Tahun 2014, Grup MNC mengakuisisi PT Bakrie Toll Road yang merupakan anak usaha Grup Bakrie yang menguasai 5 ruas jalan tol termasuk Bocimi. Bakrie Toll Road pun berganti nama menjadi MNC Toll Road. Sejak saat itu, penguasaan tol Bocimi secara resmi berpindah tangan dari Grup Bakrie ke Grup MNC. Pasca pengambilalihan, Grup MNC menargetkan groundberaking ketiga bisa dilakukan pada awal tahun 2015. Sayang, hal itu urung dilakukan hingga akhirnya terjadi lagi-lagi perubahan pemegang saham.

Tahun 2015, PT Waskita melalui anak usahanya Waskita Toll Road secara bertahap mengambil alih kepemilikan jalan tol-jalan tol yang dikuasai MNC Toll Road. Pengambilalihan dilakukan dengan cara membentuk perusahaan patungan antara MNC dan Waskita yang diberi nama MNC Trans Jawa Toll Road.

Air terjun di Geopark Ciletuh, Sukabumi. Foto by IDN Times.
Air terjun di Geopark Ciletuh, Sukabumi. Foto by IDN Times.

Terakhir, saham MNC Trans Jawa Toll Road diakuisisi sepenuhnya oleh Waskita Toll Road sehingga anak usaha BUMN ini menjadi pemilik utama sejumlah jalan tol yang di dalamnya terdapat jalan tol Bocimi. Struktur pemegang saham PT Trans Jabar Tol pun berubah lagi menjadi, PT Waskita Toll Road sebesar 81%, PT Bukaka Mega Investama sebesar 10,14% dan PT Jasa Sarana menguasai 8,22%.

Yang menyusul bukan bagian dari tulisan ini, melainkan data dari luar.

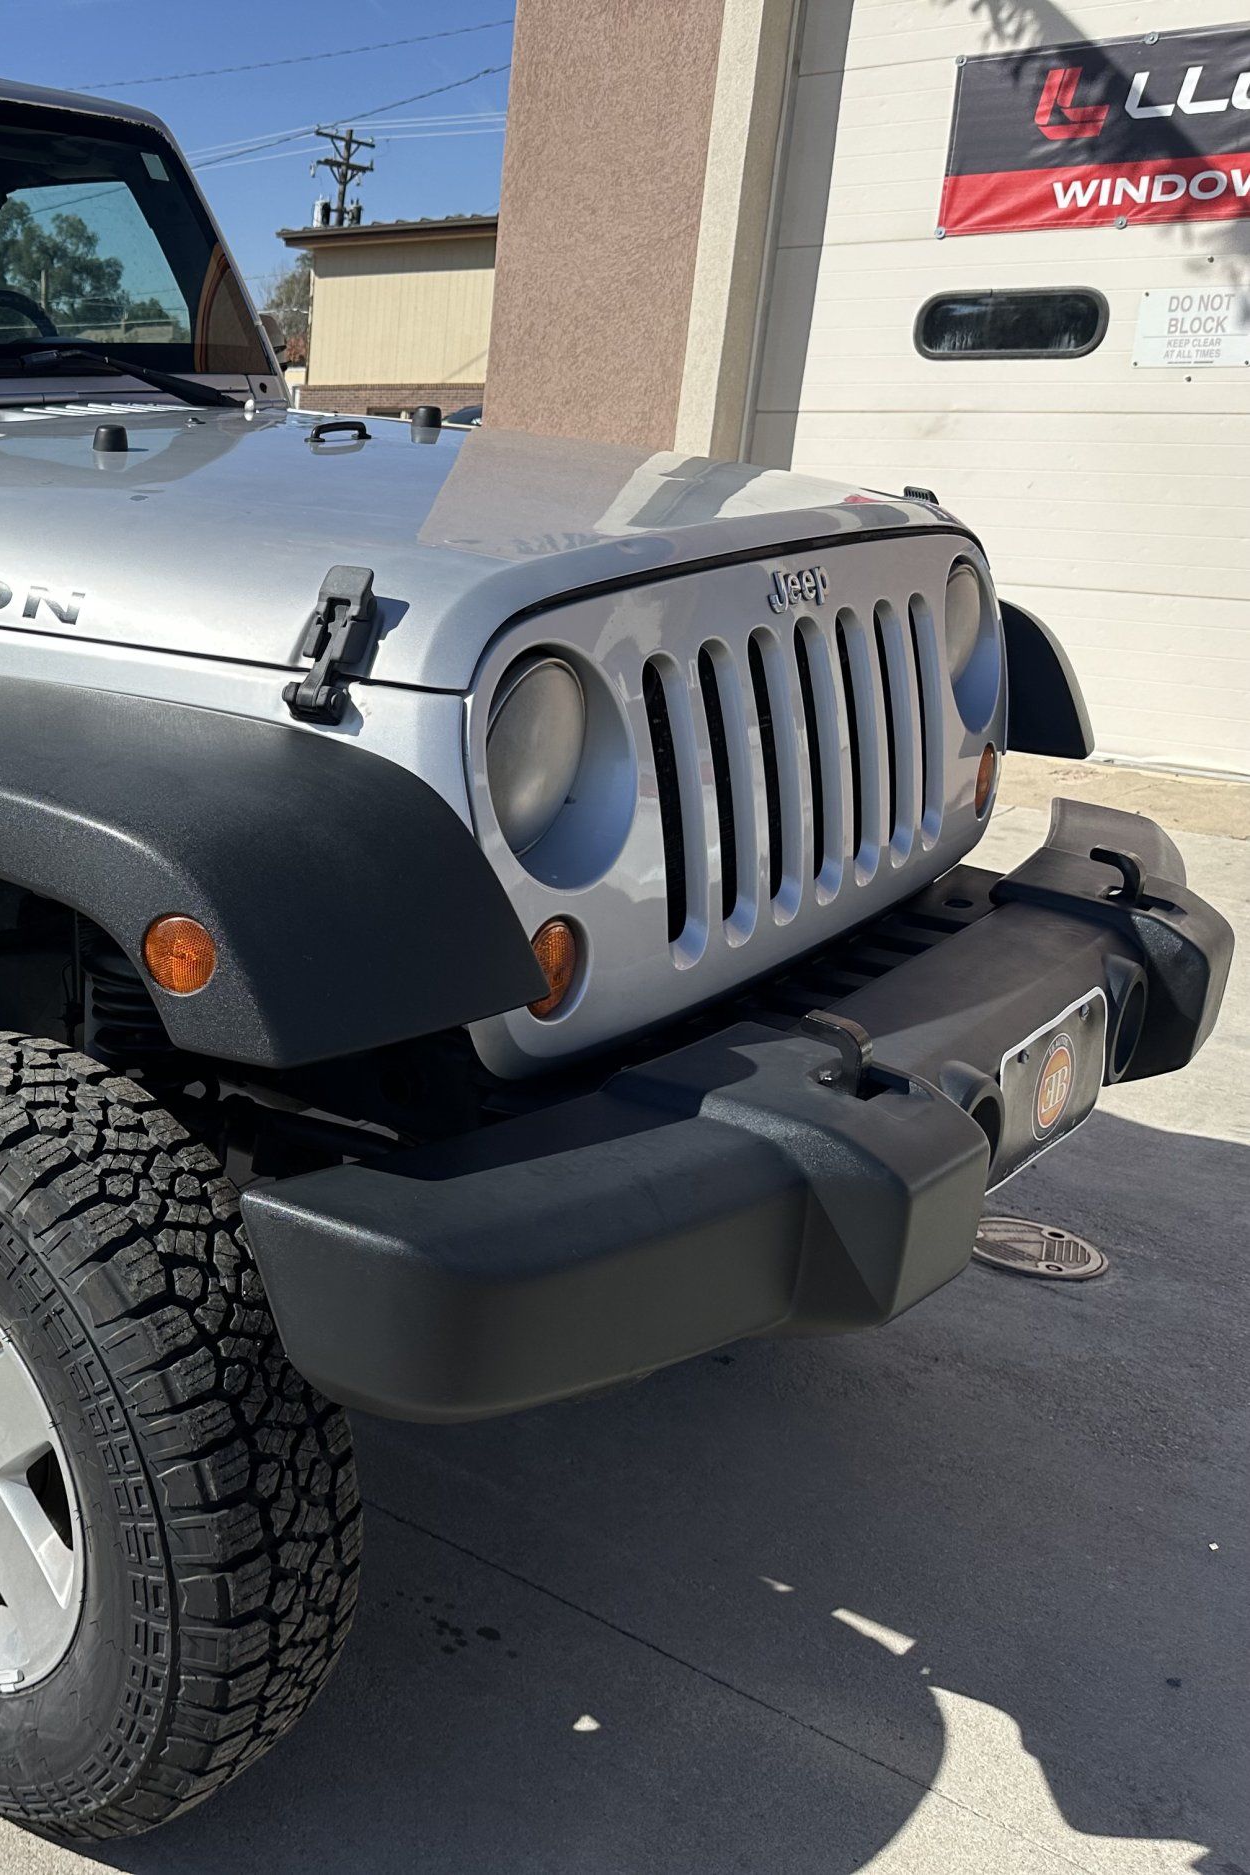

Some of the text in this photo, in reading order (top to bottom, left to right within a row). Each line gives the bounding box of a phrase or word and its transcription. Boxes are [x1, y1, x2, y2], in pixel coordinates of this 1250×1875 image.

[1168, 294, 1235, 312] DO NOT
[1167, 316, 1228, 334] BLOCK
[1166, 338, 1222, 348] KEEP CLEAR
[1163, 349, 1221, 359] AT ALL TIMES
[768, 566, 829, 614] Jeep

Tak terbodoh lagi terlalu lama seperti perioda o'on sebelumnya, pada Pebruari 2015, groundbreaking dilakukan untuk konstruksi seksi I jalan tol Bocimi dengan rute Ciawi-Cigombong sepanjang 15,3 Km. Groundbreaking kali ini menjadi groundbreaking terakhir karena sejak saat itu, pekerjaan fisik jalan tol mulai benar-benar menunjukkan wujudnya. Juni 2016, Jkw mengunjungi proyek jalan tol ini dan memerintahkan pembangunan jalan tol Bocimi segera dikebut dan awal Desember 2018 Jkw meresmikan penggunaan Tol Bocimi seksi 1 Ciawi-Cigombong.

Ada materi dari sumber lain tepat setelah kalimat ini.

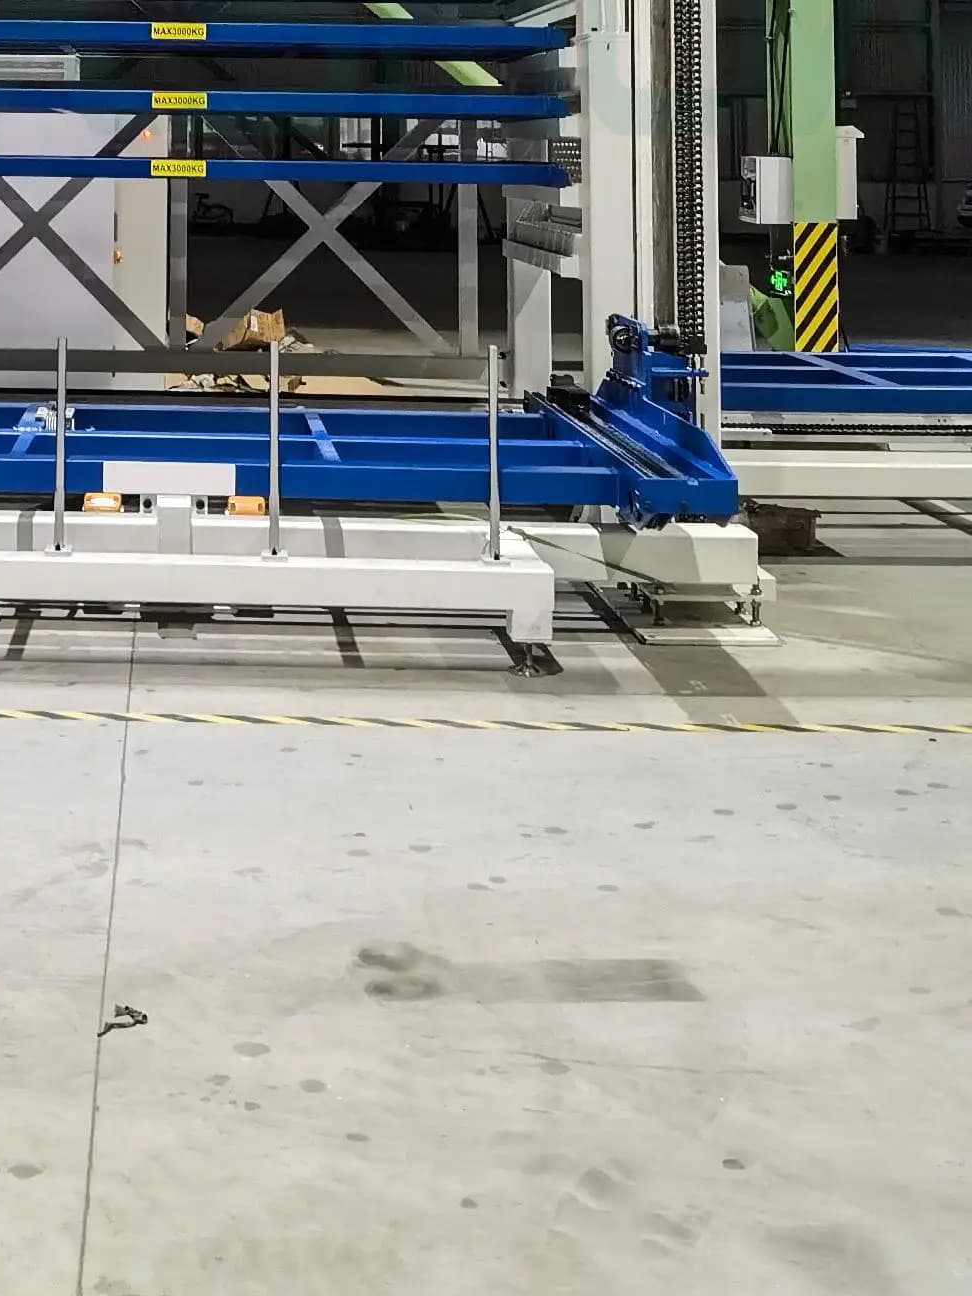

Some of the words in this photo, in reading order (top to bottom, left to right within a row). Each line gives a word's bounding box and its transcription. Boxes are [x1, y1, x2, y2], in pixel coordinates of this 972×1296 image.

[153, 27, 204, 36] MAX3000KG
[154, 96, 205, 105] MAX3000KG
[153, 164, 204, 173] MAX3000KG

Taman Wisata Selabintana, Sukabumi. Foto by penawisata.com
Taman Wisata Selabintana, Sukabumi. Foto by penawisata.com

Berkembang dalam keterjepitan

Jalan Tol Ciawi-Sukabumi yang panjangnya 54 Km itu, dibagi menjadi empat seksi, yaitu : Seksi I Ciawi-Cigombong 15,3 km, Seksi II Cigombong-Cibadak 11,9 km, Seksi III Cibadak-Sukabumi Barat 13,7 km, serta Seksi IV Sukabumi Barat-Sukabumi Timur 13 km.

Menteri PUPR Basuki Hadimuljono, sebagaimana dikutip Liputan 6 com,  mengatakan, pembangunan Tol Ciawi-Sukabumi merupakan inisiasi awal pembangunan Jalan Trans Jawa bagian selatan. Tol Ciawi-Sukabumi akan diteruskan hingga ke Cianjur terus ke Padalarang. Kemudian dari Bandung, Tasikmalaya hingga Cilacap dan akan dilanjutkan hingga Yogyakarta.

Tapi prediksi Kementerian PUPR bahwa keseluruhan Tol Ciawi-Sukabumi akan selesai pada 2021. Itu lagi-lagi kandas meski tak perlu lagi dikatakan disini sebagai "nipi ni par sendor".

Tak heran Kota dan Kabupaten Sukabumi yang cukup luas itu selama  40 tahun terakhir ini membangun dalam keterjepitan. Pada dekade 1970-an Sukabumi masih longgar banget dan serba nyaman sebagai kota dan kabupaten legacy Belanda. Untuk sekadar contoh, sebut saja Farid Hardja dengan grup band Bani Adam, Deasy Ratnasari si Tenda Biru, Karlina Leksono si akhli astrofisika. Semuanya itu anak Sukabumi. 

Farid malah masih berdarah Belanda. Saya teringat di masa awal remaja di Sukabumi sebelum Farid Berjaya di Bani Adam, ia paling jago menyenandungkan lagu-lagu Engelbert Humperdinck seperti There Goes My Everything. Lagu langka lainnya yang sudah hilang misalnya Jesamine dari The Casual. Farid Ok banget disitu. Farid pun menghilang di cakrawala nasional usai ngejreng dengan Karmila. Itulah dekade 1970-an, dengan sekadar cuplikan bahwa Sukabumi tempo doeloe itu indah dan anak-anaknya pintar dan berseni.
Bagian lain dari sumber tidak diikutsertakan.